In 1978, around the same time as Ukeles began working with the Sanitation Department, an artist named Angela Fremont was working for New York City’s Department of Cultural Affairs (DCLA), in Central Park. When Fremont heard that the Children’s Zoo needed a refrigerator to store medicine, she called a radio show to make an on-air plea for a donation. A flurry of phone calls followed, and Materials for the Arts (MFTA) was conceived. Through its partnerships with multiple city agencies, including the Departments of Sanitation and Education, Materials for the Arts began to receive funding from the Sanitation’s Bureau of Waste Prevention, Reuse, and Recycling. This allowed city school teachers free access to art supplies, as part of an effort to restore arts programming.5  With its current location in Long Island City, housing 35,000 square feet of warehouse space, the organization, which is part of DCLA, redistributes and diverts over one million pounds of waste from landfill each year.

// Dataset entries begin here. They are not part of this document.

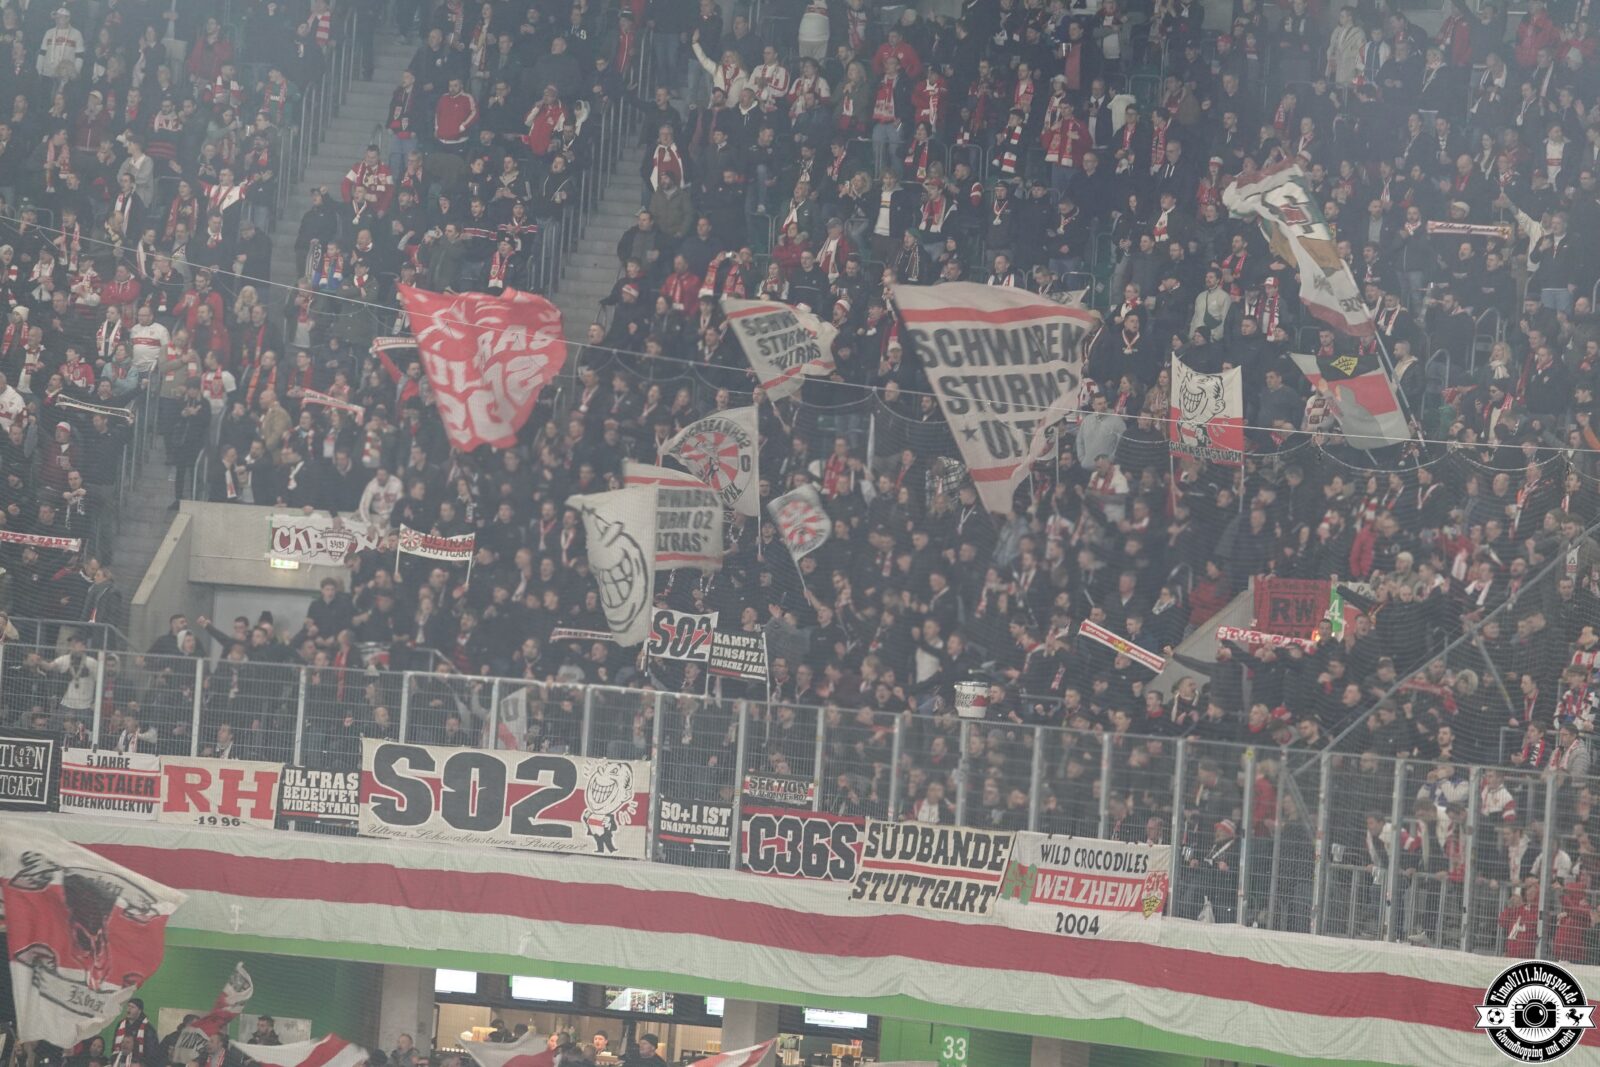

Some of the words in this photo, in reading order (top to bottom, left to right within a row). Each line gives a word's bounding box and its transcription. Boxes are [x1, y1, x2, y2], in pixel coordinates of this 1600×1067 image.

[713, 632, 757, 649] KAMPF
[710, 658, 743, 672] UNSERE
[712, 645, 758, 664] EINSATZ
[86, 754, 94, 767] 5
[96, 755, 131, 769] JAHRE
[63, 769, 155, 796] REMSTALER
[283, 768, 359, 790] ULTRAS
[749, 776, 810, 795] SEKTION
[163, 764, 279, 820] RH
[282, 785, 359, 803] BEDEUTET
[281, 798, 359, 816] WIDERSTAND
[661, 801, 698, 822] 50+1
[702, 805, 731, 825] IST
[367, 824, 408, 839] Ultras
[520, 836, 588, 851] Stuttgart
[660, 820, 729, 838] UNANTASTBAR!
[864, 822, 1010, 871] SÜDBANDE
[1040, 843, 1070, 865] WILD
[1073, 847, 1149, 874] CROCODILES
[852, 870, 996, 914] STUTTGART
[1034, 869, 1144, 908] WELZHEIM
[1054, 911, 1099, 936] 2004
[943, 1035, 967, 1061] 33

In recent years, MFTA has begun an artist-in-residence program, granting recipients unrestricted access to these materials. Lina Puerta, Jean Shin, and Michael Kelly Williams, all of whom are in the exhibition, have been awarded studios there.

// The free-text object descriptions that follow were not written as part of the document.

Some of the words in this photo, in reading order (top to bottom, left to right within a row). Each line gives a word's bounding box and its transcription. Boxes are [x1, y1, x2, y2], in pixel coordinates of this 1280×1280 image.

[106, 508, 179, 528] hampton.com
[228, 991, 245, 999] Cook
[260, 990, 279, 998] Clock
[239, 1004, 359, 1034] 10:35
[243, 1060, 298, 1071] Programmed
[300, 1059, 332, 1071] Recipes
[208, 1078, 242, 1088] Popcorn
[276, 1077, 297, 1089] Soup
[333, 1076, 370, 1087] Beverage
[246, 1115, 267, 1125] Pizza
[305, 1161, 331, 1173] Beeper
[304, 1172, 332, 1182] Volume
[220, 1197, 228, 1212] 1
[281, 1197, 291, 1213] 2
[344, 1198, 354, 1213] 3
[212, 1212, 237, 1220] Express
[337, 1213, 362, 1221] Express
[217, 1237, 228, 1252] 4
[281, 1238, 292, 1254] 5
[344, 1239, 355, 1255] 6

Each artist’s response to the MFTA residency has resulted in a completely different aesthetic outcome. During her residency, Jean Shin produced Spring Collection (2016), an arrangement assembled from leather scraps leftover from Marc Jacobs and other fashion houses’ handbag lines. Lina Puerta’s installation-based, botanical artworks combine fake plants and moss with elements like costume jewelry, resin, and found wood, visually merging our perception of what is natural, and what is constructed. Aesthetically aligned with his sculptures that incorporate musical references and objects imbued with spiritual energies, Michael Kelly Williams’ Wodakota (2017), named after the Dakota word for peace, is an assemblage that fuses disparate objects—a viola with a rake—made in honor of, and in solidarity with, the Native water protectors of Standing Rock, North Dakota.

For Jean Shin, having access to donated goods introduced her to a different way of working. Typically, her sculptural projects involve gathering like objects—in the past she has worked with keys, trophies, clothing, and plates—within the framework of a community whose members are asked to con­tribute specific items, which Shin then assembles into large scale installations. The solicitation of these offerings means her process is supplied through local, time-based engage­ment. At MFTA, the daily influx of new donations made for an exceedingly prolific phase in the artist’s production. Spring Collection makes visible the irregular beauty of remnants left behind in the manufacturing of handbags.6  The outer edges of the leather reveal the original hide of the animal skin. This series builds on her earlier projects Alterations(1999), Cut Outs and Suspended Seams (both 2004), which involved Shin obsessively assembling formal compositions from the offcuts of altered trousers and blue jeans, and fabric cut from the work clothes of employees at the Museum of Modern Art, respectively.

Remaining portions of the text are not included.